Relapse prevention is one of the most important elements of addiction recovery. Working a solid program by staying connected with your support group is one of the many tools implored for preventing relapse; however, even those working a program have been known to fall of course – especially in early recovery. Efforts to understand how addiction works in the brain has come a long way in recent years, and some researchers believe that studying the brain mechanisms that suppress relapse could help in the development of relapse prevention drugs.

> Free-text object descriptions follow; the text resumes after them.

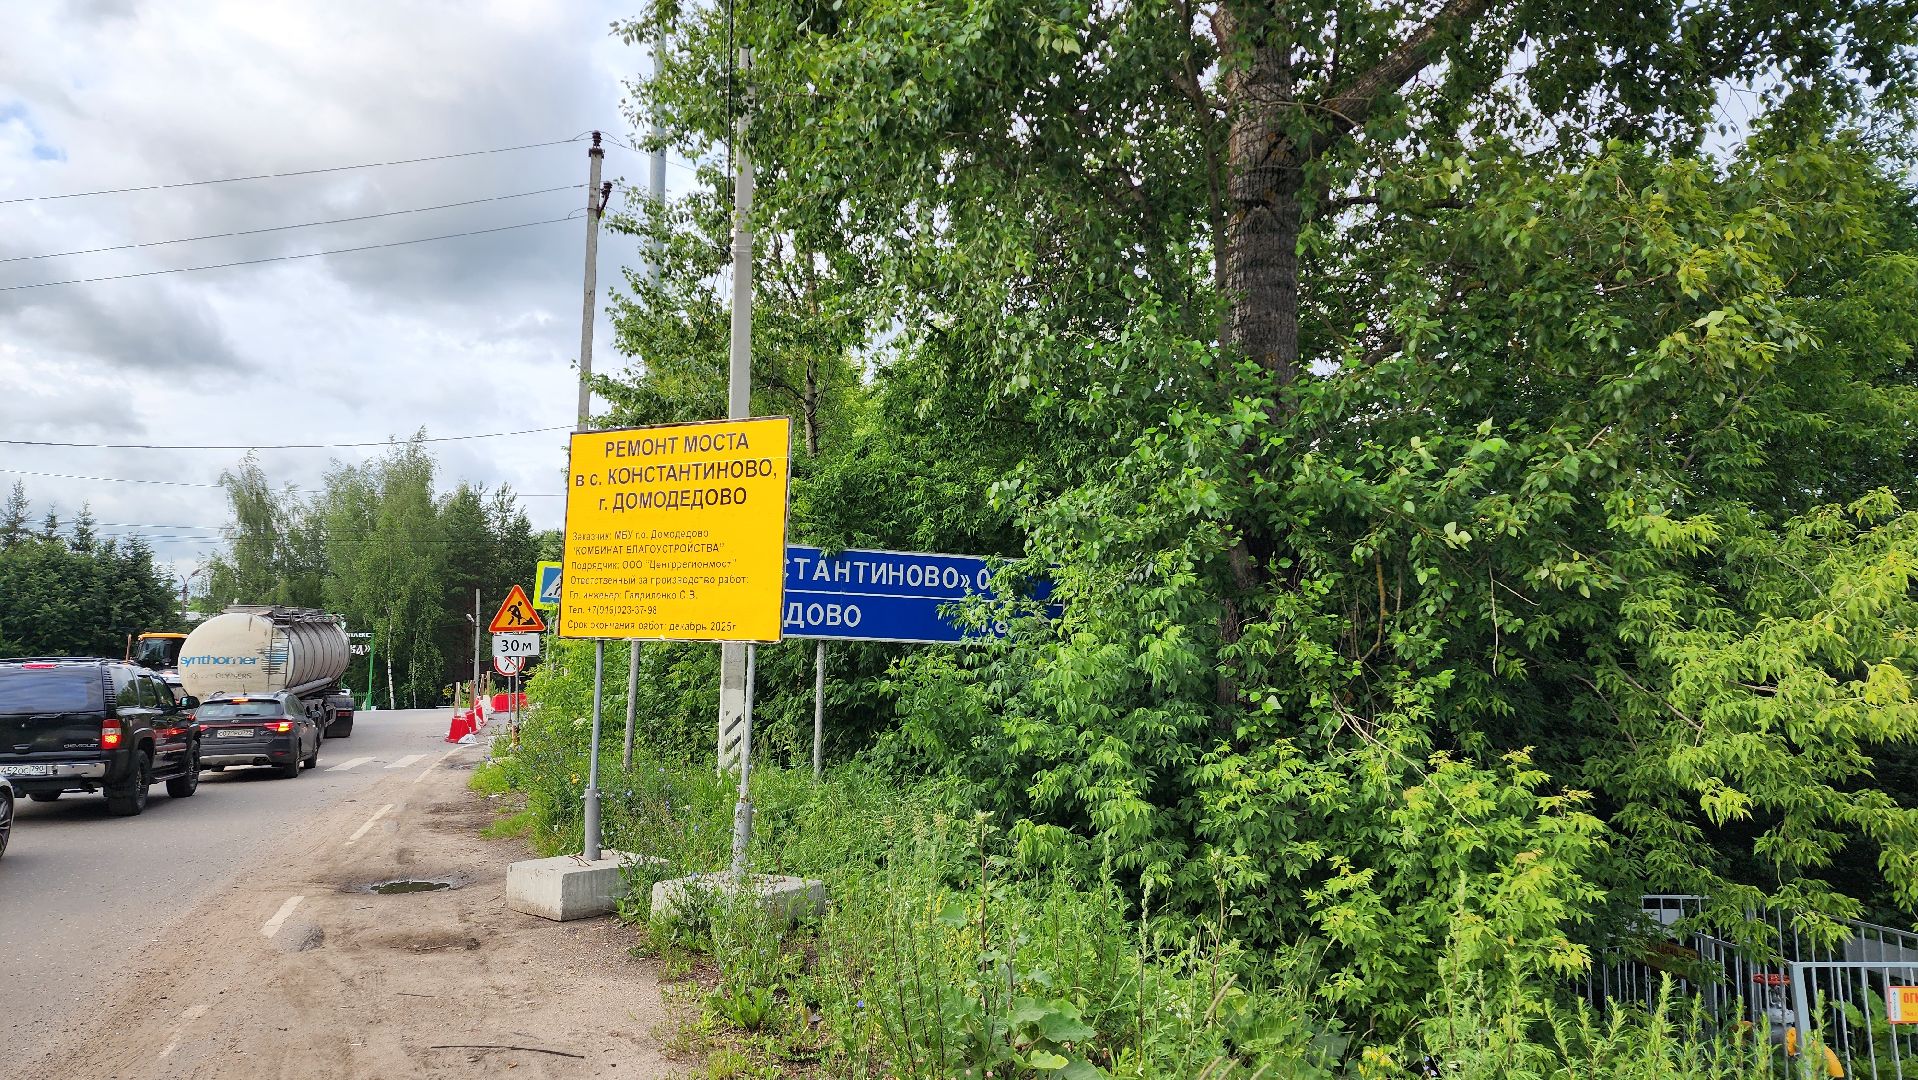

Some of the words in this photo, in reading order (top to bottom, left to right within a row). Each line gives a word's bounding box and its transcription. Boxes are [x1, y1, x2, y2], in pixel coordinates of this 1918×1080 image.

[605, 436, 679, 459] РЕМОНТ
[683, 432, 749, 454] МОСТА
[589, 474, 602, 487] с.
[608, 458, 777, 486] КОНСТАНТИНОВО,
[599, 498, 608, 511] г.
[612, 486, 747, 513] ДОМОДЕДОВО
[572, 531, 612, 541] Заказчик:
[614, 530, 634, 540] МБУ
[650, 529, 709, 540] Домодедово
[571, 561, 620, 572] Подрядчик:
[622, 560, 643, 570] ООО
[570, 575, 636, 585] Ответственный
[638, 577, 648, 585] за
[650, 576, 716, 587] производство
[718, 574, 749, 587] работ:
[568, 605, 585, 614] Тел.
[783, 602, 862, 628] ДОВО
[567, 619, 588, 631] Срок
[590, 621, 635, 630] окончания
[668, 621, 707, 633] декабрь
[180, 654, 260, 667] synthomer

At The Scripps Research Institute (TSRI) in La Jolla, CA, researchers have been granted a total of $3.8 million to fund a five-year study of brain mechanisms that suppress relapses, according to Scripps news release. The funding is a combination of two grants from the National Institute of Health’s (NIH) National Institute on Alcohol Abuse and Alcoholism (NIAAA) and the National Institute on Drug Abuse (NIDA).

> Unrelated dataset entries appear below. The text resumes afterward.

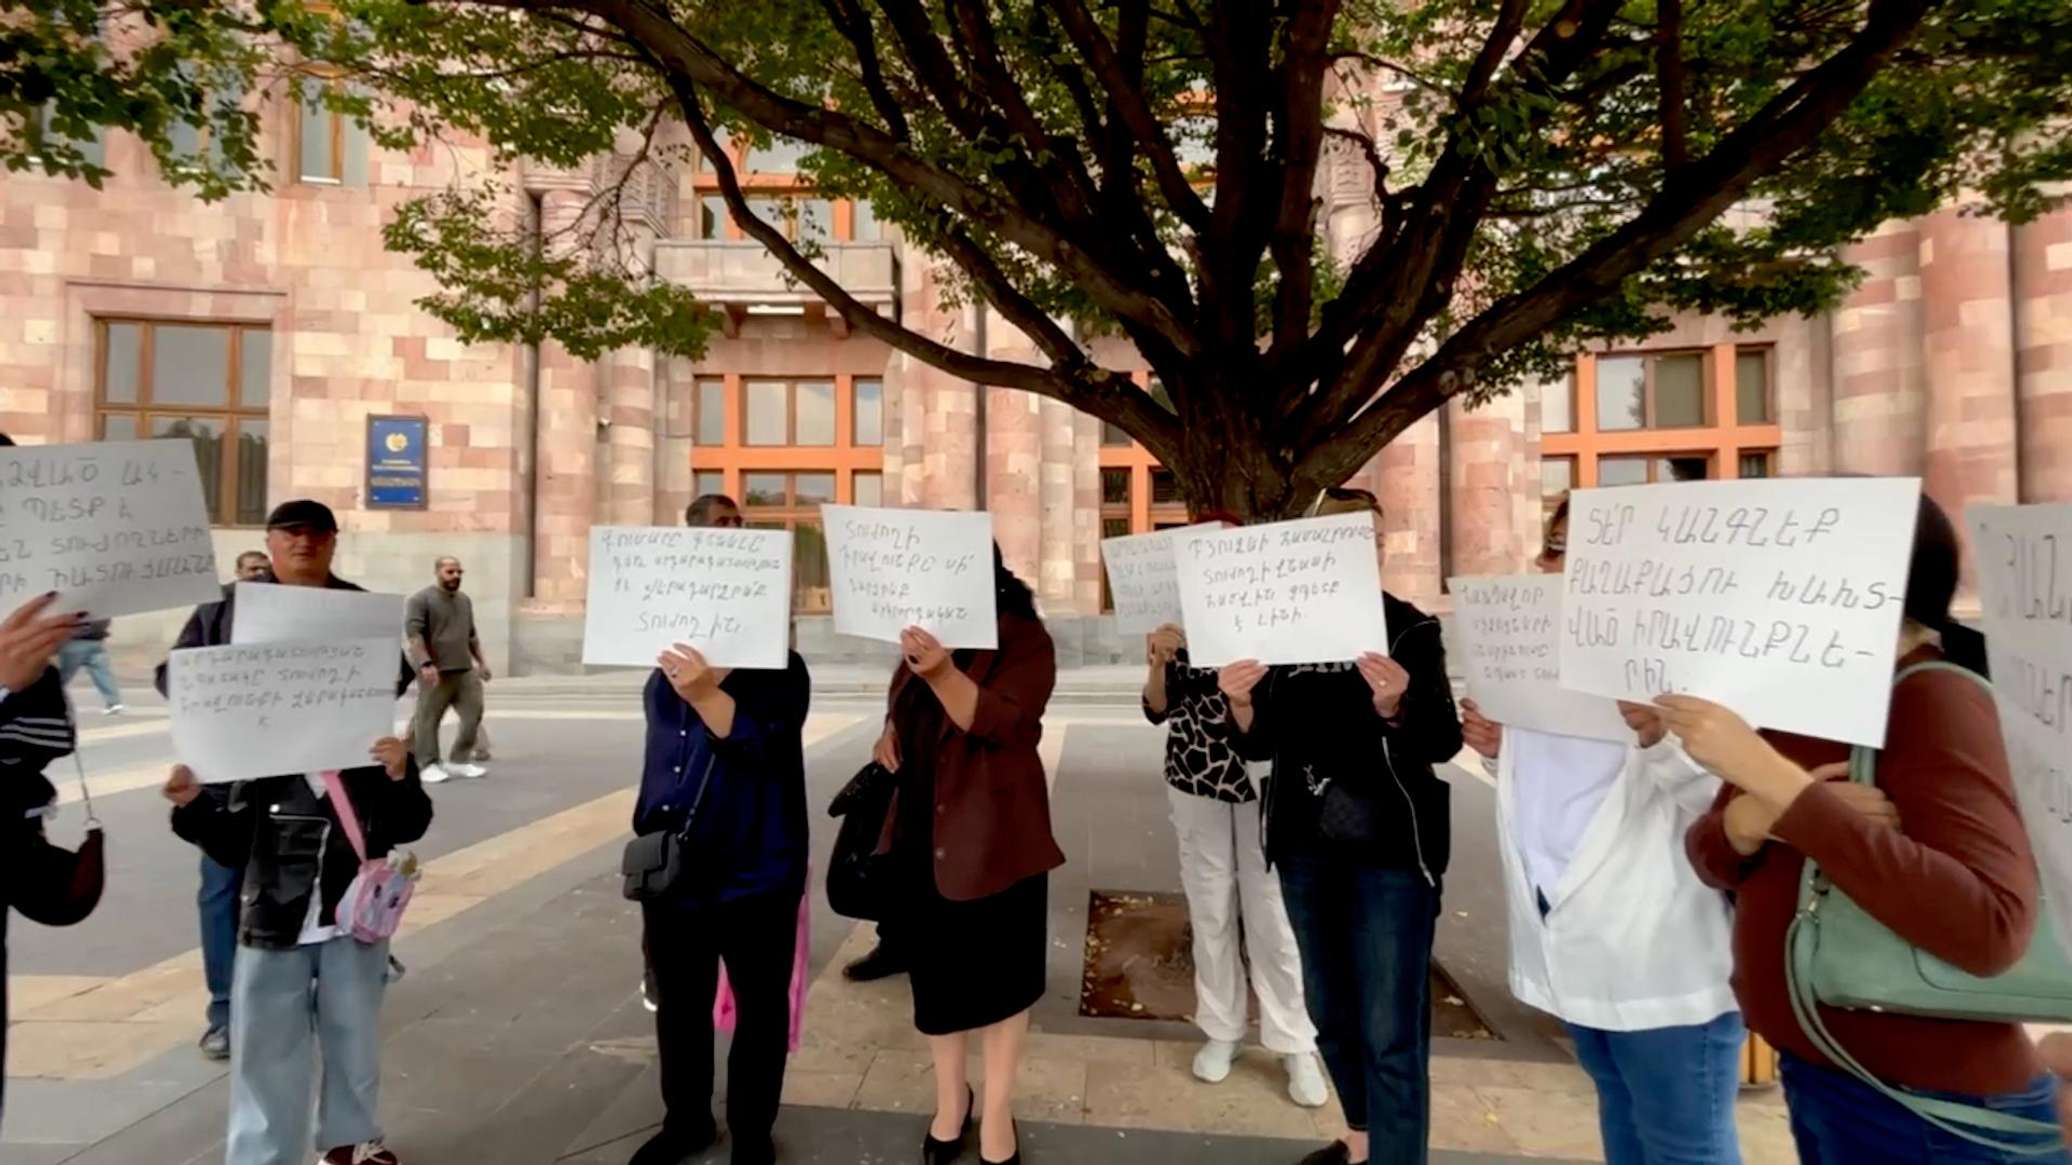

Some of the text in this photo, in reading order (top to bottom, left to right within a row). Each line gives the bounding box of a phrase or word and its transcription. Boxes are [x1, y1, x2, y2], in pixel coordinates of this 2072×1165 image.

[845, 520, 922, 551] ՏՈՒԺՈՂԻ
[1656, 505, 1840, 548] ԿԱՆԳՆԵՔ
[1203, 560, 1271, 586] ՏՈՒԺՈՂԻ
[1568, 557, 1739, 597] ՔԱՂԱՔԱՑՈՒ
[1567, 604, 1619, 648] ՎԱԾ

“The risk of chronic relapse, even after long periods of abstinence, is a major issue in treating addiction,” explained the lead investigator for the five-year study, Nobuyoshi Suto, a newly appointed assistant professor of molecular and cellular neuroscience at TSRI. “If we can better understand these brain mechanisms that actively suppress — as opposed to promote — relapse, we may be able to develop a drug to enhance these mechanisms and maybe mimic those relapse-suppressing cues.”
Earlier research has shown that cues that signal the unavailability of drugs or alcohol can suppress relapses, the news release reports. Suto and his colleagues want to determine the brain mechanisms that affect the relapse-suppressing action of such cues.
The study could uncover the fundamental workings of the brain in behavioral inhibition, and help researchers develop new methods for relapse prevention.